YOUR OBJECTIVE: With images excluded, write out each entry below exactly as given.

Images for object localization

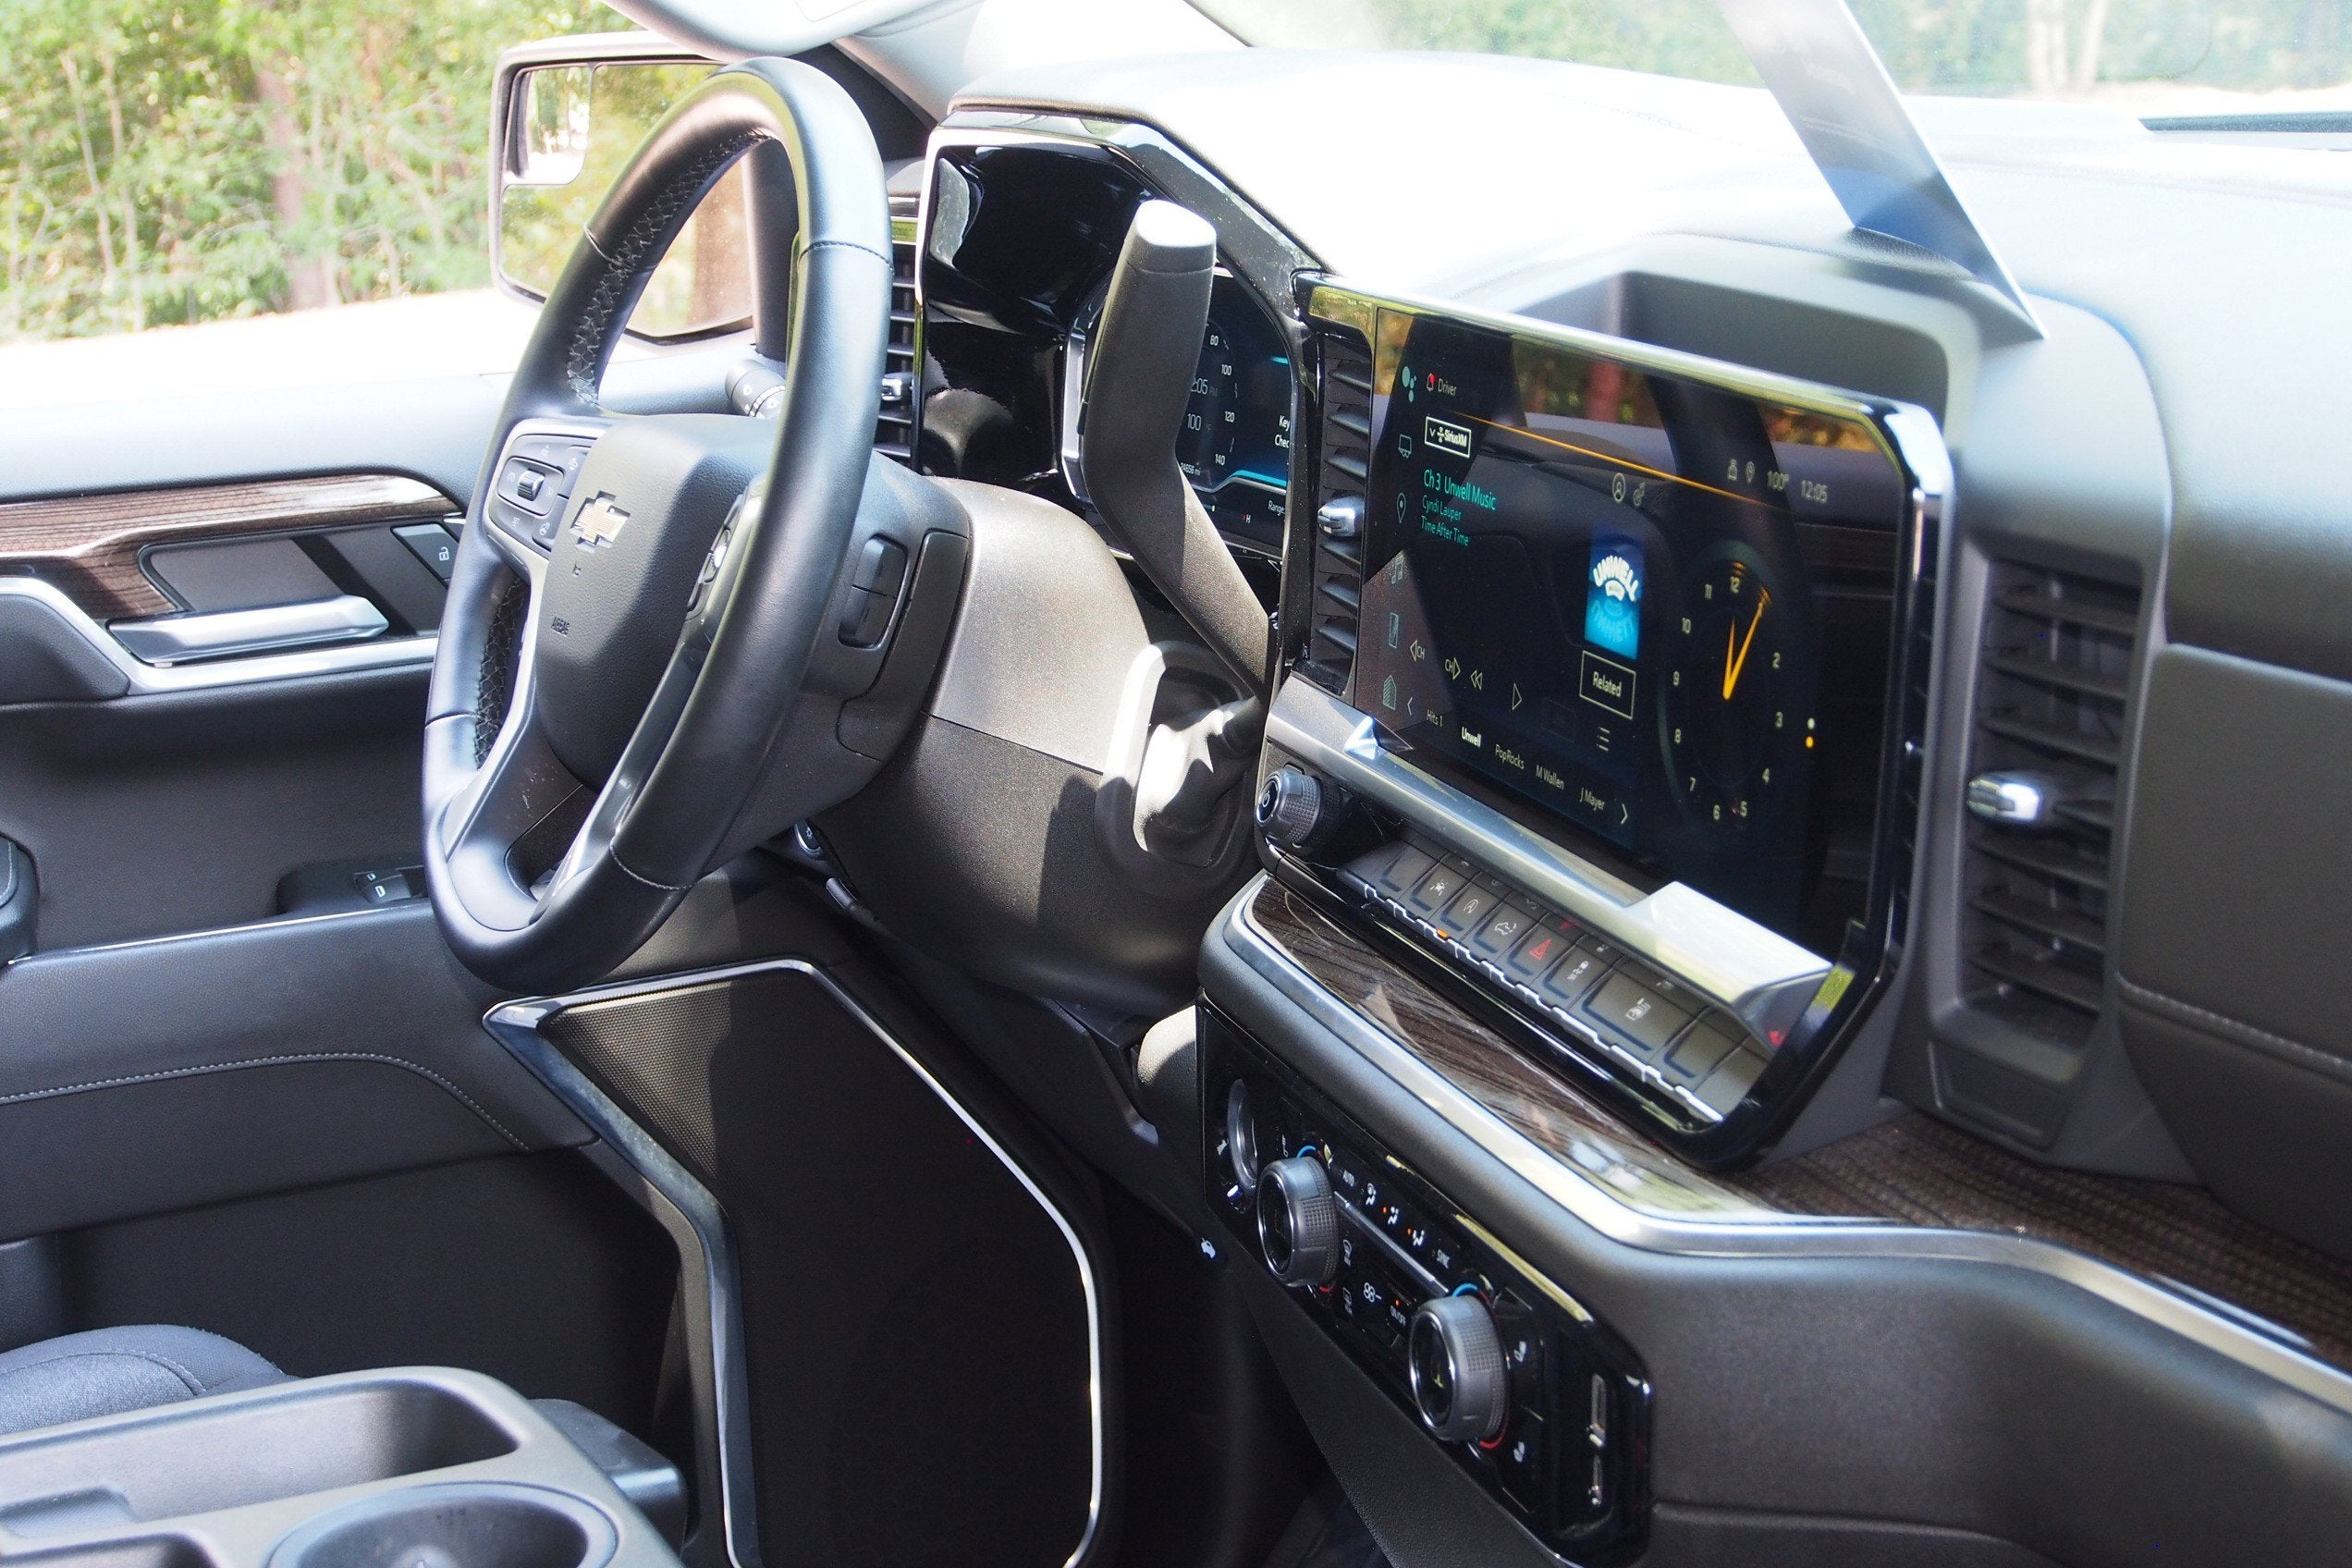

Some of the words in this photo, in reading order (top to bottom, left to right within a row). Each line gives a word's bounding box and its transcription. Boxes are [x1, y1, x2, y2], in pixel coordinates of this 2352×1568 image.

[1210, 335, 1219, 347] 80
[1220, 364, 1232, 376] 100
[1438, 378, 1457, 397] Driver
[1187, 413, 1202, 431] 100
[1224, 410, 1235, 423] 120
[1279, 414, 1291, 432] Key
[1215, 453, 1226, 466] 140
[1424, 469, 1435, 489] Ch
[1435, 472, 1441, 491] 3
[1444, 475, 1471, 501] Unwell
[1471, 484, 1496, 511] Music
[1800, 479, 1829, 504] 12:05
[1268, 499, 1286, 517] Range
[1422, 495, 1439, 514] Cyndi
[1439, 501, 1462, 522] Lauper
[1421, 515, 1436, 534] Time
[1436, 521, 1453, 540] After
[1453, 527, 1470, 546] Time
[1730, 576, 1740, 594] 12
[1681, 617, 1692, 634] 10
[1771, 652, 1782, 669] 2
[1592, 671, 1623, 698] Related
[1672, 670, 1681, 687] 9
[1427, 709, 1439, 726] Hits
[1774, 711, 1784, 729] 3
[1462, 726, 1482, 748] Unwell
[1674, 728, 1683, 743] 8
[1495, 743, 1525, 770] PopRocks
[1543, 767, 1564, 790] Wallen
[1689, 777, 1697, 791] 7
[1761, 767, 1770, 784] 4
[1584, 790, 1605, 811] Mayer
[1712, 804, 1721, 821] 6
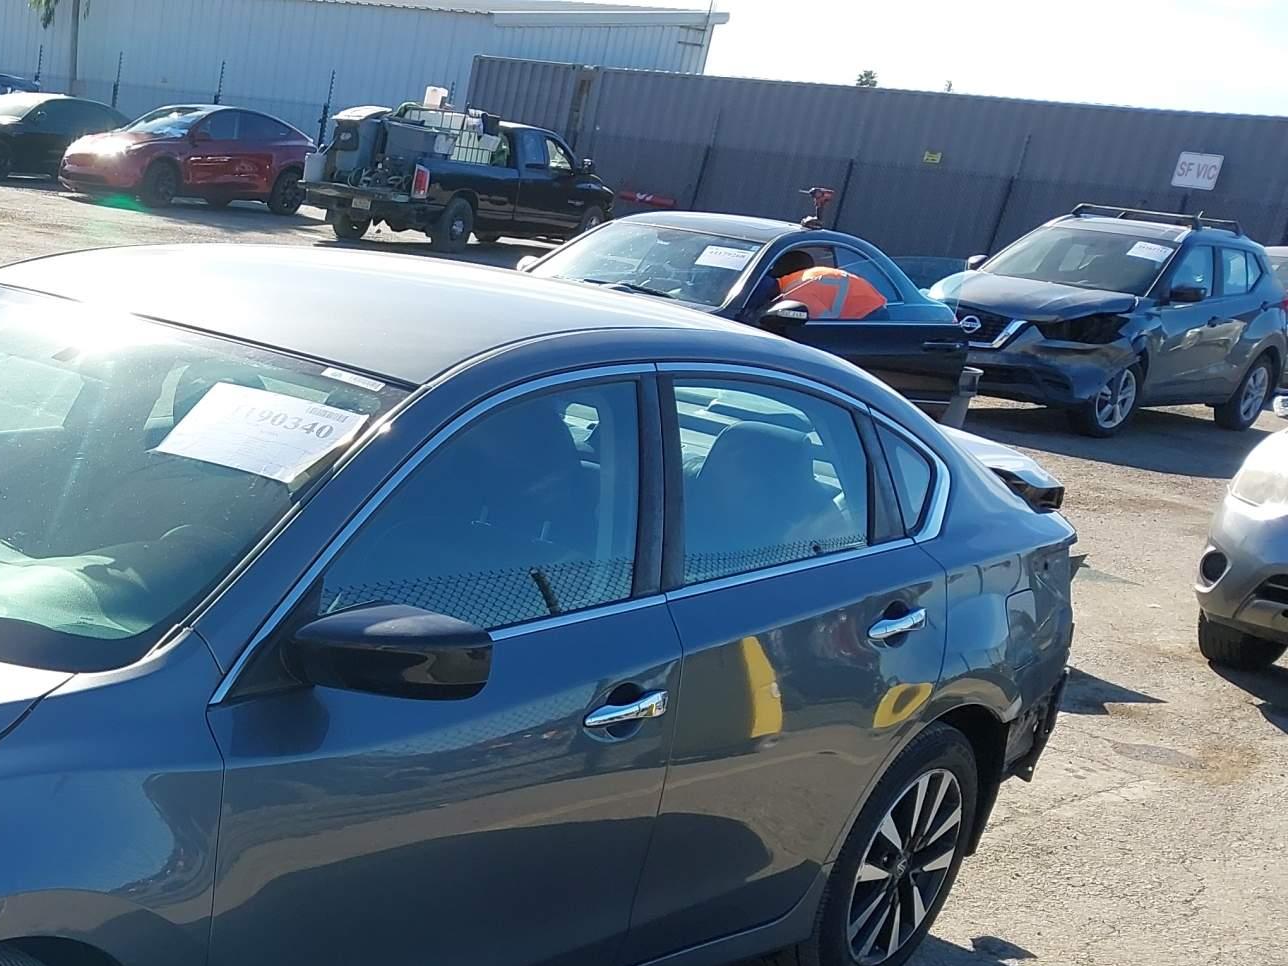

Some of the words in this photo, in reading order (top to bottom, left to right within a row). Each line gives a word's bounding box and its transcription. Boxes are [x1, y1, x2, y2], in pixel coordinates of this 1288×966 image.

[1177, 161, 1195, 176] SF
[1196, 163, 1217, 180] VIC
[232, 405, 334, 439] 190340
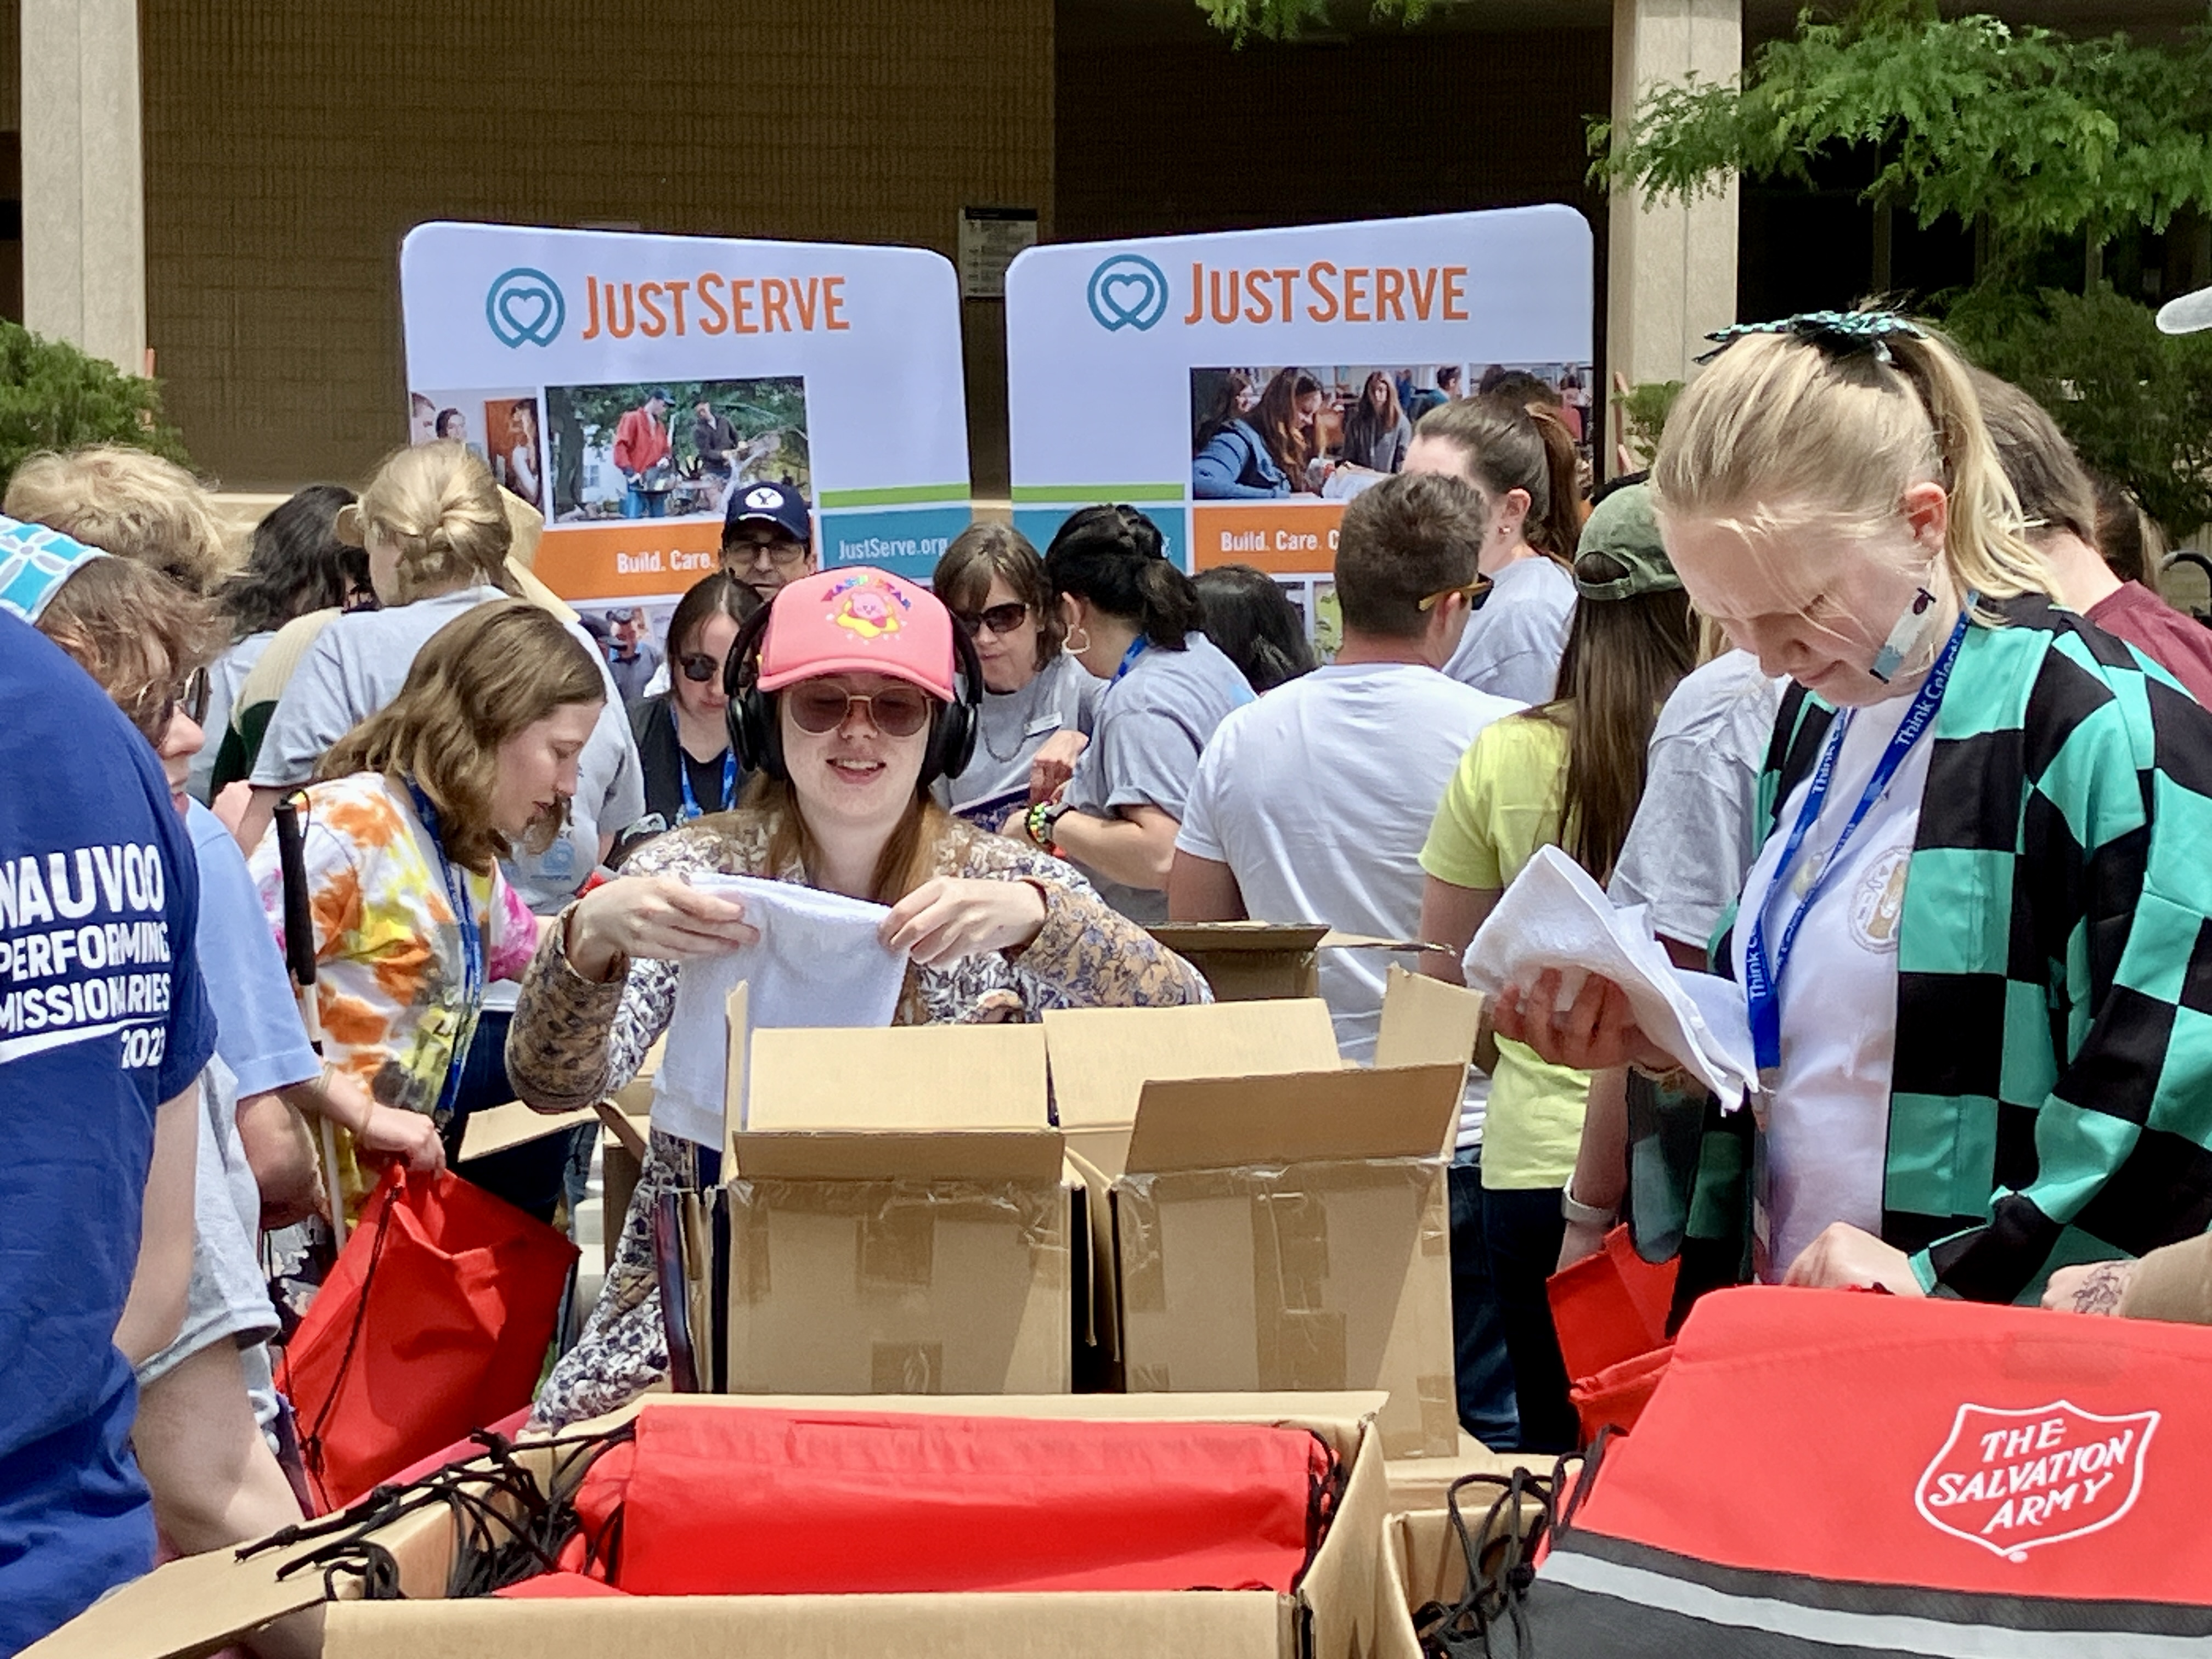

EXERCISE RESULT:
Some of the words in this photo, in reading order (top to bottom, left to right within a row). Each line gives a word's bounding box and its transcription. Boxes are [x1, y1, x2, y2], in pixel coordinates of this 2352×1568 image.

[1210, 335, 1219, 347] 80
[1220, 364, 1232, 376] 100
[1438, 378, 1457, 397] Driver
[1187, 413, 1202, 431] 100
[1224, 410, 1235, 423] 120
[1279, 414, 1291, 432] Key
[1215, 453, 1226, 466] 140
[1424, 469, 1435, 489] Ch
[1435, 472, 1441, 491] 3
[1444, 475, 1471, 501] Unwell
[1471, 484, 1496, 511] Music
[1800, 479, 1829, 504] 12:05
[1268, 499, 1286, 517] Range
[1422, 495, 1439, 514] Cyndi
[1439, 501, 1462, 522] Lauper
[1421, 515, 1436, 534] Time
[1436, 521, 1453, 540] After
[1453, 527, 1470, 546] Time
[1730, 576, 1740, 594] 12
[1681, 617, 1692, 634] 10
[1771, 652, 1782, 669] 2
[1592, 671, 1623, 698] Related
[1672, 670, 1681, 687] 9
[1427, 709, 1439, 726] Hits
[1774, 711, 1784, 729] 3
[1462, 726, 1482, 748] Unwell
[1674, 728, 1683, 743] 8
[1495, 743, 1525, 770] PopRocks
[1543, 767, 1564, 790] Wallen
[1689, 777, 1697, 791] 7
[1761, 767, 1770, 784] 4
[1584, 790, 1605, 811] Mayer
[1712, 804, 1721, 821] 6

Some of the words in this photo, in reading order (top to bottom, left to right within a row). Each line gives a word's bounding box and its transcription. Boxes are [x1, y1, x2, y2], in pixel coordinates of this 1288×966 image.

[1177, 161, 1195, 176] SF
[1196, 163, 1217, 180] VIC
[232, 405, 334, 439] 190340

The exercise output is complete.